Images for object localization
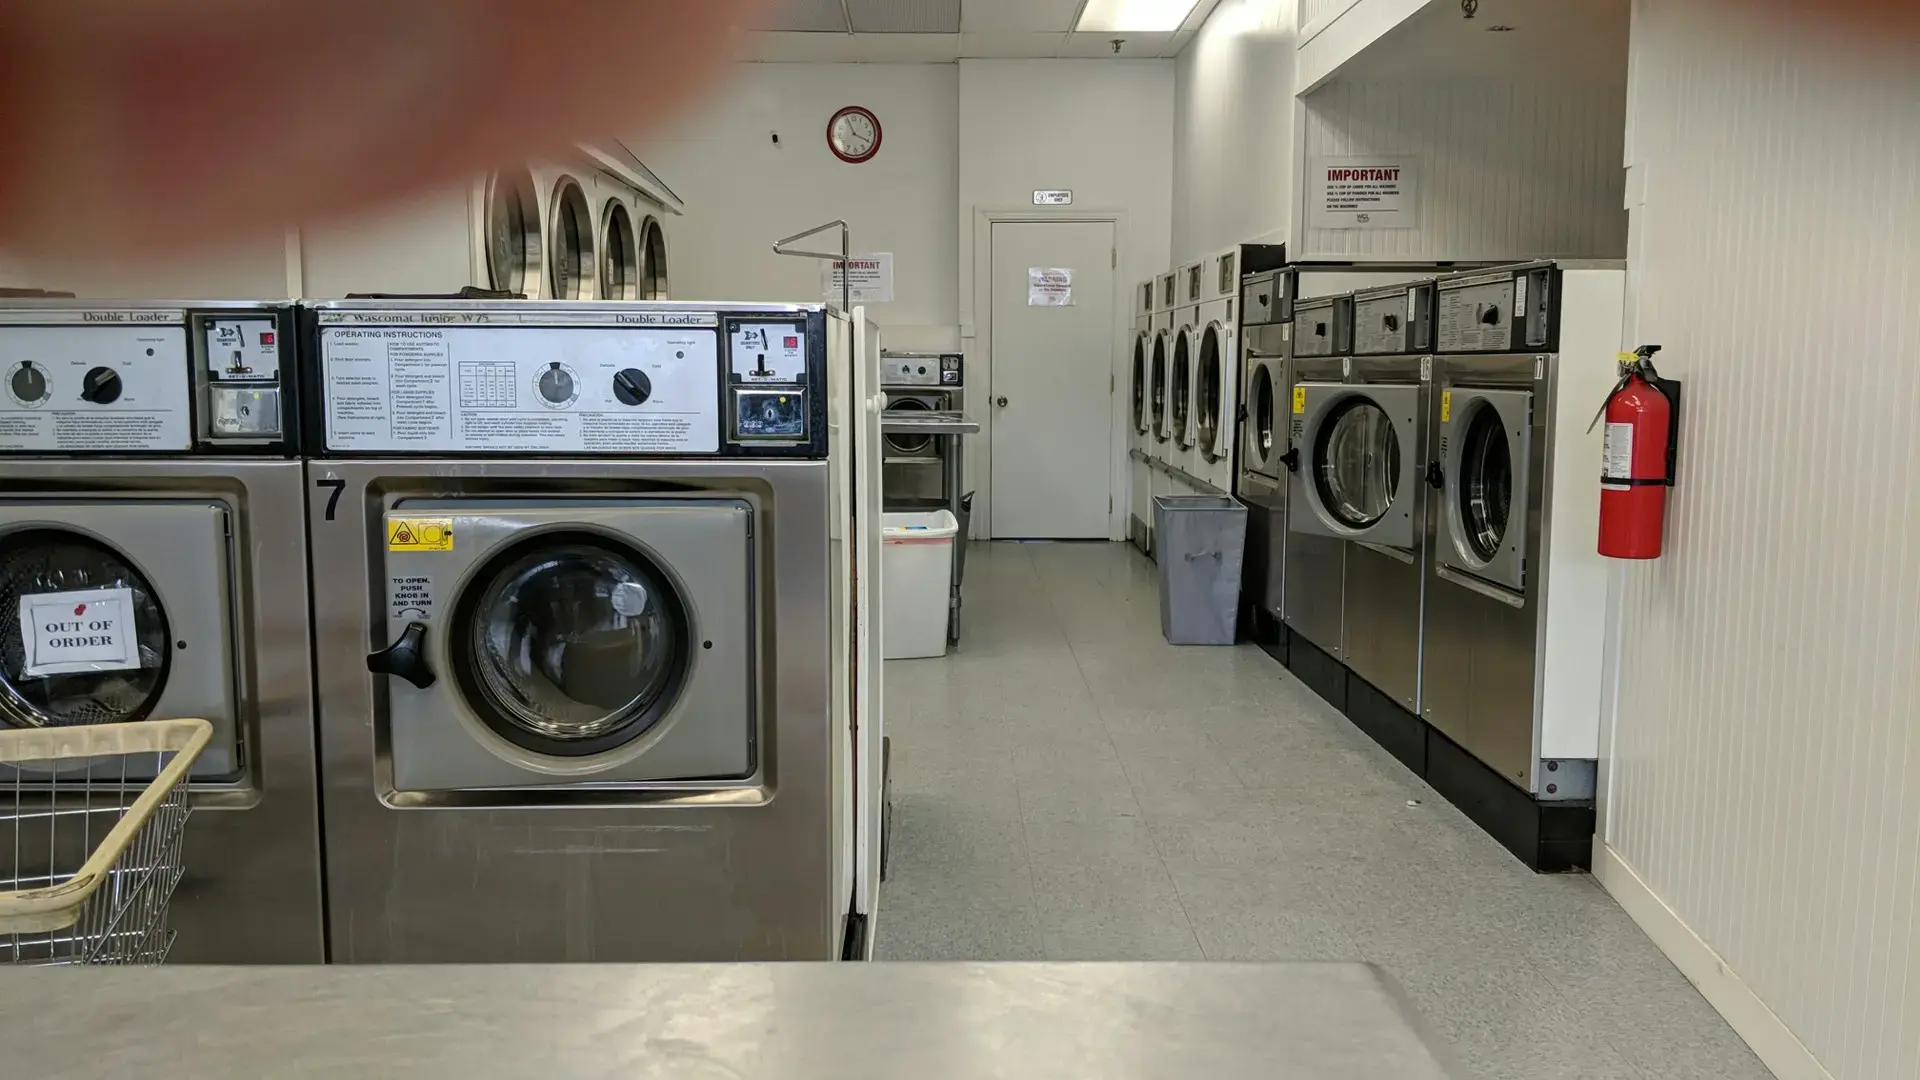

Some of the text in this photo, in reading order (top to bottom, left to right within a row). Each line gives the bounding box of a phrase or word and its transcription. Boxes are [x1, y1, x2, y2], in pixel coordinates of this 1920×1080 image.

[1327, 169, 1400, 181] IMPORTANT
[83, 312, 169, 321] Double Loader
[353, 314, 413, 323] Wascomat
[616, 314, 701, 324] Double Loader
[317, 480, 346, 520] 7
[46, 620, 113, 633] OUT OF
[50, 636, 113, 648] ORDER
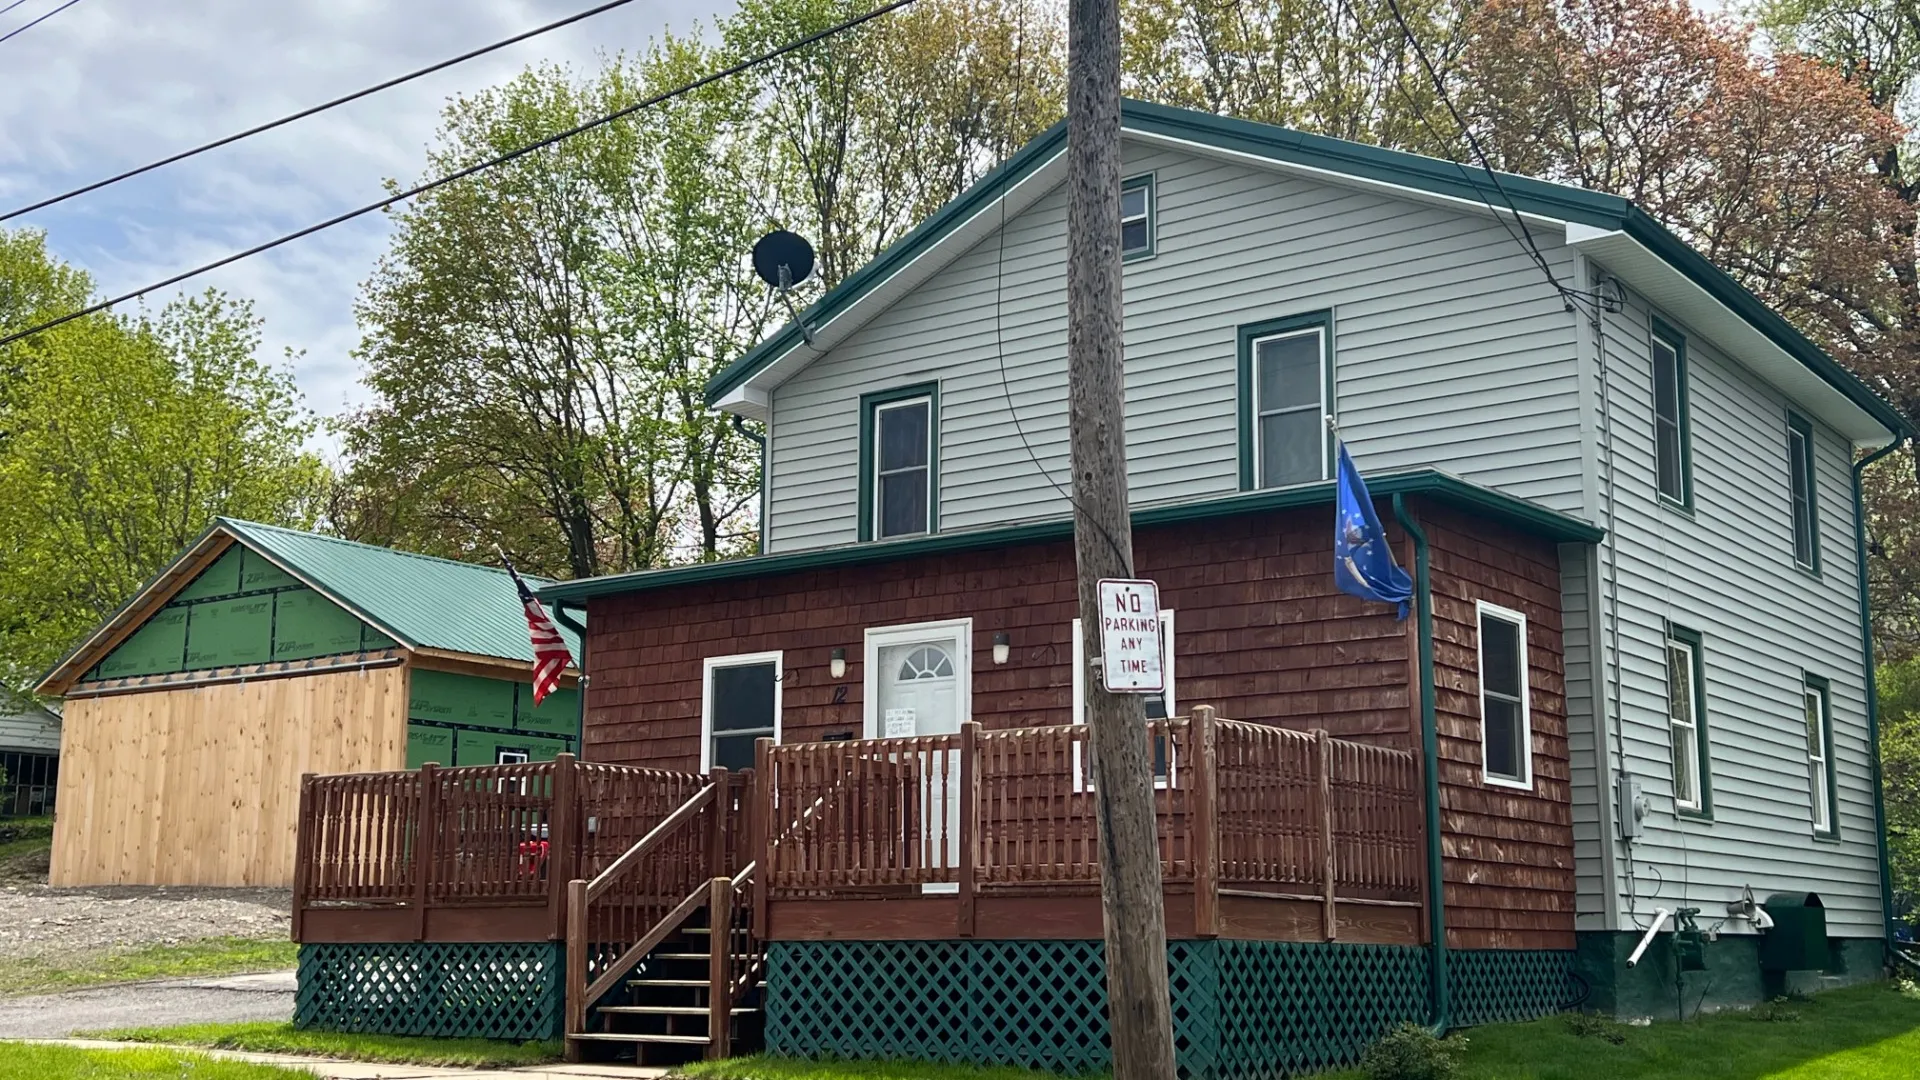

DESCRIPTION OF THE TASK:
When you copy the data, keep every line exact and drop the pictures.

OUTPUT BELOW:
Some of the text in this photo, in reading order (top to bottom, left to right within a row). Each line gives the bounding box of a phrase or word and its transcription. Boxes are [x1, y1, x2, y2], in pixel coordinates of this 1920×1080 image.

[1327, 169, 1400, 181] IMPORTANT
[83, 312, 169, 321] Double Loader
[353, 314, 413, 323] Wascomat
[616, 314, 701, 324] Double Loader
[317, 480, 346, 520] 7
[46, 620, 113, 633] OUT OF
[50, 636, 113, 648] ORDER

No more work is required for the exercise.